(Data entries)
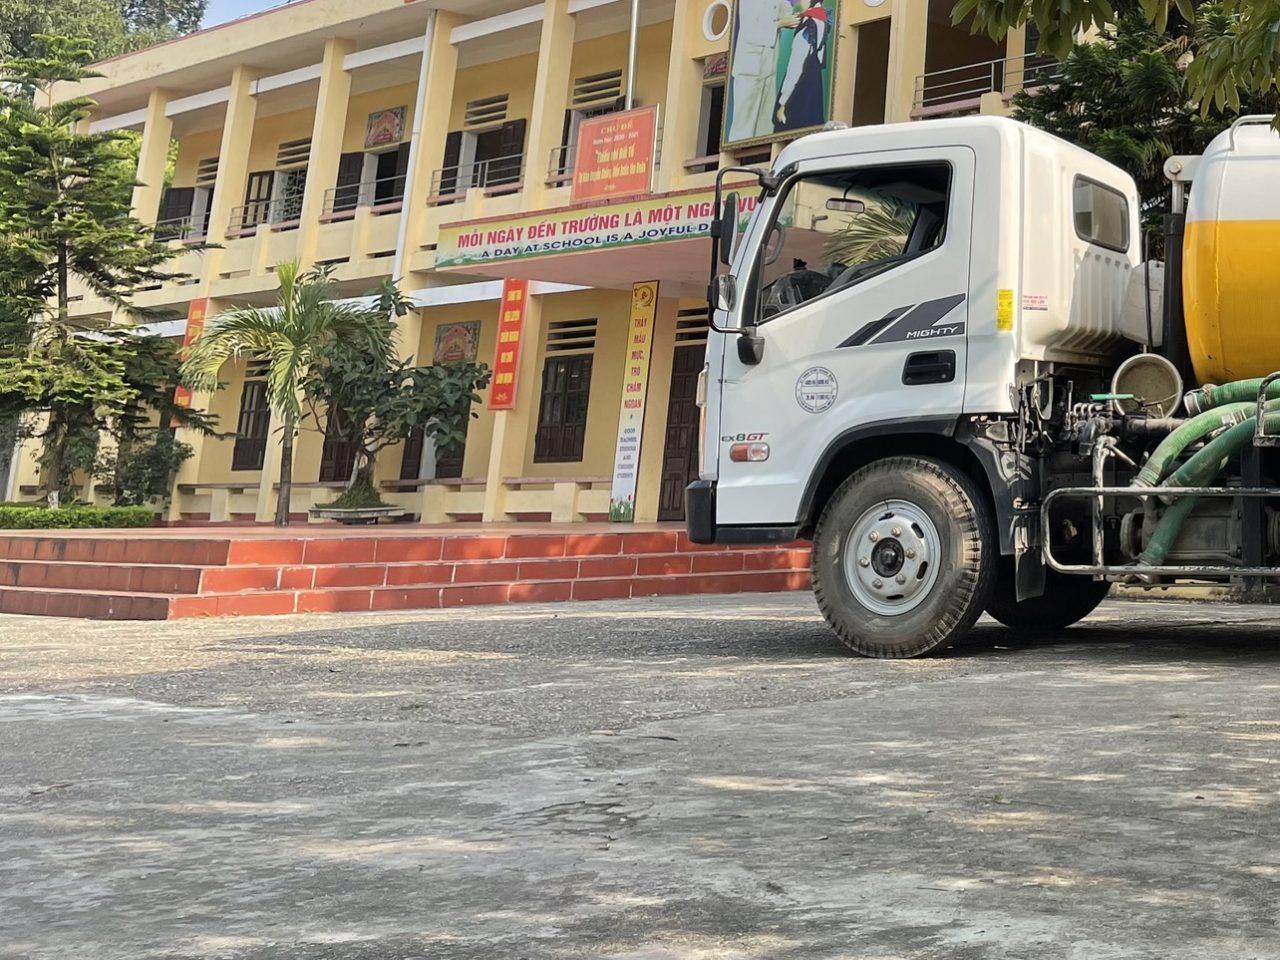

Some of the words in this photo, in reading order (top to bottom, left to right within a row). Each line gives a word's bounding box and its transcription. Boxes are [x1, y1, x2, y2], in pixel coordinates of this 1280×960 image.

[487, 226, 524, 244] NGÀY
[527, 219, 556, 239] ĐẾN
[561, 214, 620, 235] TRƯỜNG
[624, 208, 643, 227] LÀ
[648, 204, 683, 225] MỘT
[481, 250, 490, 258] A
[494, 246, 519, 256] DAY
[524, 243, 539, 252] AT
[543, 236, 602, 249] SCHOOL
[606, 234, 619, 242] IS
[623, 232, 633, 240] A
[638, 225, 694, 238] JOYFUL
[906, 326, 959, 339] MIGHTY
[624, 399, 642, 409] NGOAN

◆ TASK DESCRIPTION ◆
Give the entries above again in full and exactly, but not the pictures.

◆ WRITTEN ANSWER ◆
Some of the words in this photo, in reading order (top to bottom, left to right within a row). Each line gives a word's bounding box and its transcription. Boxes are [x1, y1, x2, y2], in pixel coordinates of this 1280×960 image.

[487, 226, 524, 244] NGÀY
[527, 219, 556, 239] ĐẾN
[561, 214, 620, 235] TRƯỜNG
[624, 208, 643, 227] LÀ
[648, 204, 683, 225] MỘT
[481, 250, 490, 258] A
[494, 246, 519, 256] DAY
[524, 243, 539, 252] AT
[543, 236, 602, 249] SCHOOL
[606, 234, 619, 242] IS
[623, 232, 633, 240] A
[638, 225, 694, 238] JOYFUL
[906, 326, 959, 339] MIGHTY
[624, 399, 642, 409] NGOAN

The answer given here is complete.